What is required: Below are records to be transcribed exactly; any pictures should be left out.

[Dataset entries]
++++++++++++++++++++
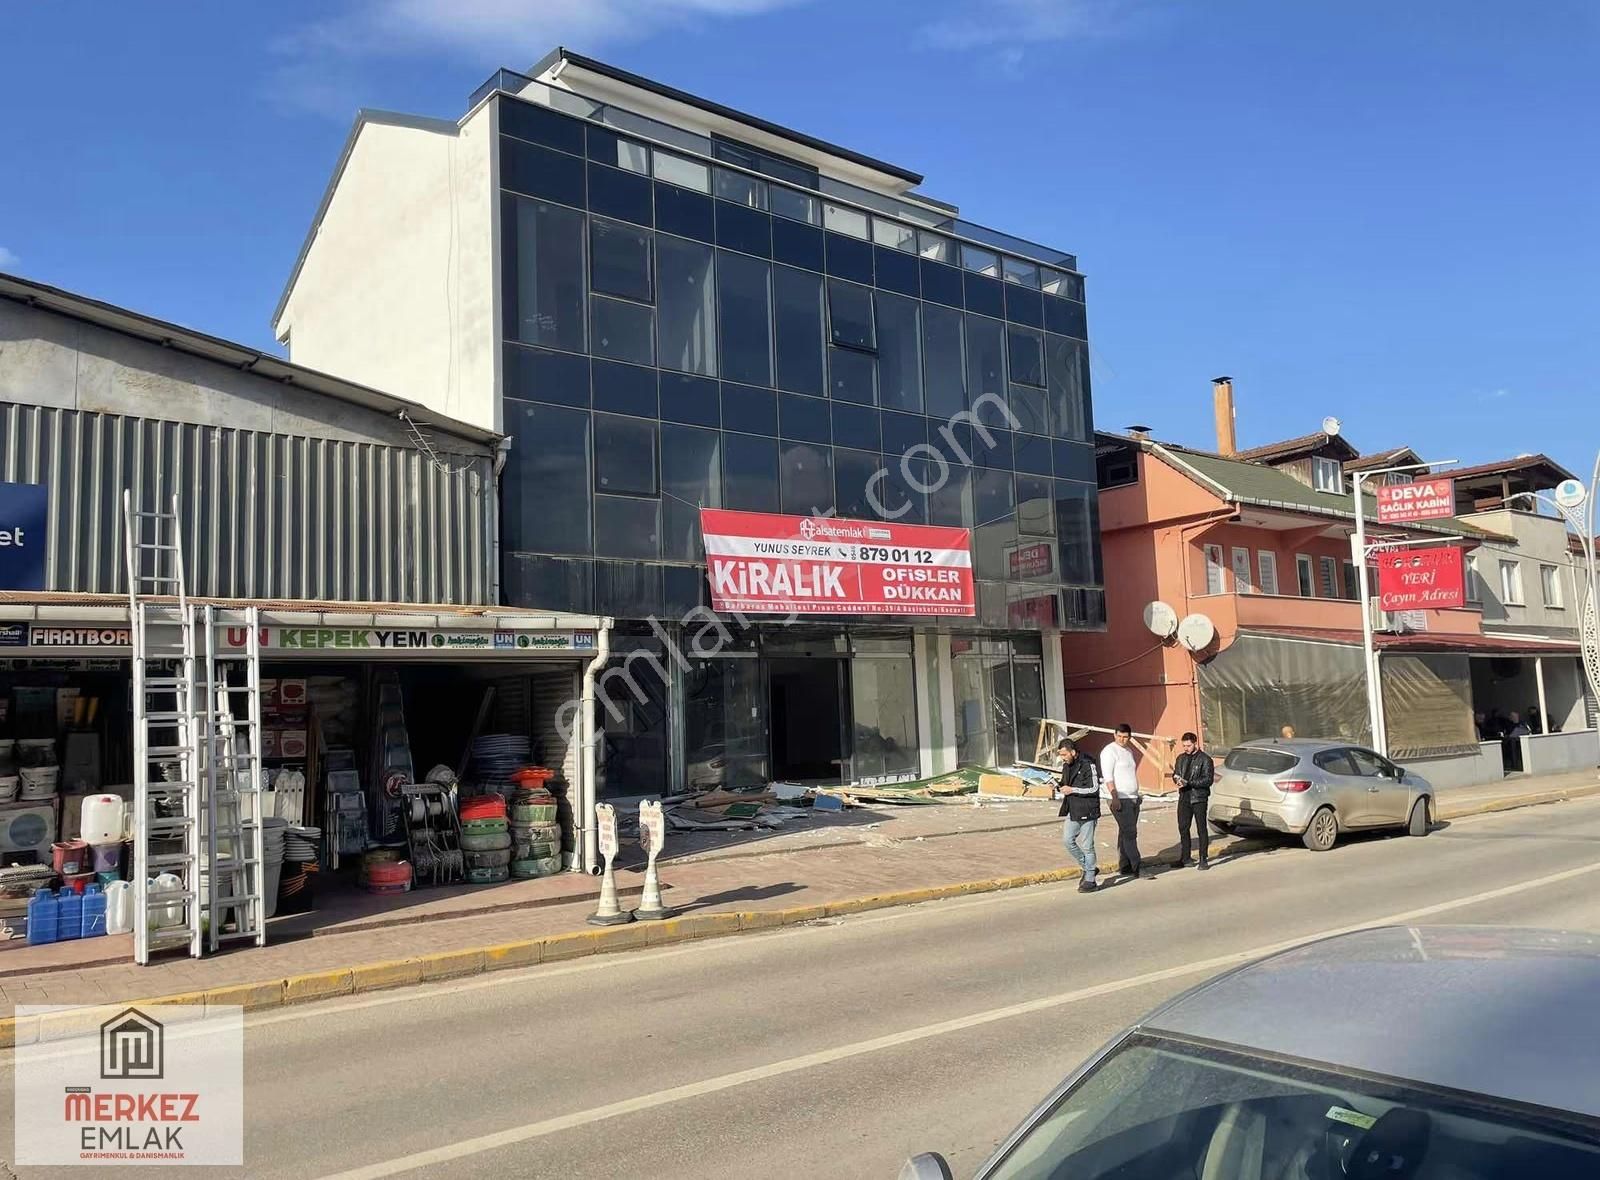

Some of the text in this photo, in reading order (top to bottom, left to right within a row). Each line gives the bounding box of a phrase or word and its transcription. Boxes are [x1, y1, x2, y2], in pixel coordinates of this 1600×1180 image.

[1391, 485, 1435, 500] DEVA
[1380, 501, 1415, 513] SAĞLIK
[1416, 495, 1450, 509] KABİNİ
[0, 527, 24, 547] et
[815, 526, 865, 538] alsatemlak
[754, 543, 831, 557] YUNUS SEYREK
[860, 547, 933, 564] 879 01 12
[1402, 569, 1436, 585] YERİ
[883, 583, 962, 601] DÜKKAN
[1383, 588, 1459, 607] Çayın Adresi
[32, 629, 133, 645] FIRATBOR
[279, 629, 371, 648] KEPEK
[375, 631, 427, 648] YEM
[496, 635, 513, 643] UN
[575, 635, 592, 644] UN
++++++++++++++++++++
Task solution:
Some of the text in this photo, in reading order (top to bottom, left to right within a row). Each line gives the bounding box of a phrase or word and its transcription. Boxes are [x1, y1, x2, y2], in pixel coordinates of this 1600×1180 image.

[1391, 485, 1435, 500] DEVA
[1380, 501, 1415, 513] SAĞLIK
[1416, 495, 1450, 509] KABİNİ
[0, 527, 24, 547] et
[815, 526, 865, 538] alsatemlak
[754, 543, 831, 557] YUNUS SEYREK
[860, 547, 933, 564] 879 01 12
[1402, 569, 1436, 585] YERİ
[883, 583, 962, 601] DÜKKAN
[1383, 588, 1459, 607] Çayın Adresi
[32, 629, 133, 645] FIRATBOR
[279, 629, 371, 648] KEPEK
[375, 631, 427, 648] YEM
[496, 635, 513, 643] UN
[575, 635, 592, 644] UN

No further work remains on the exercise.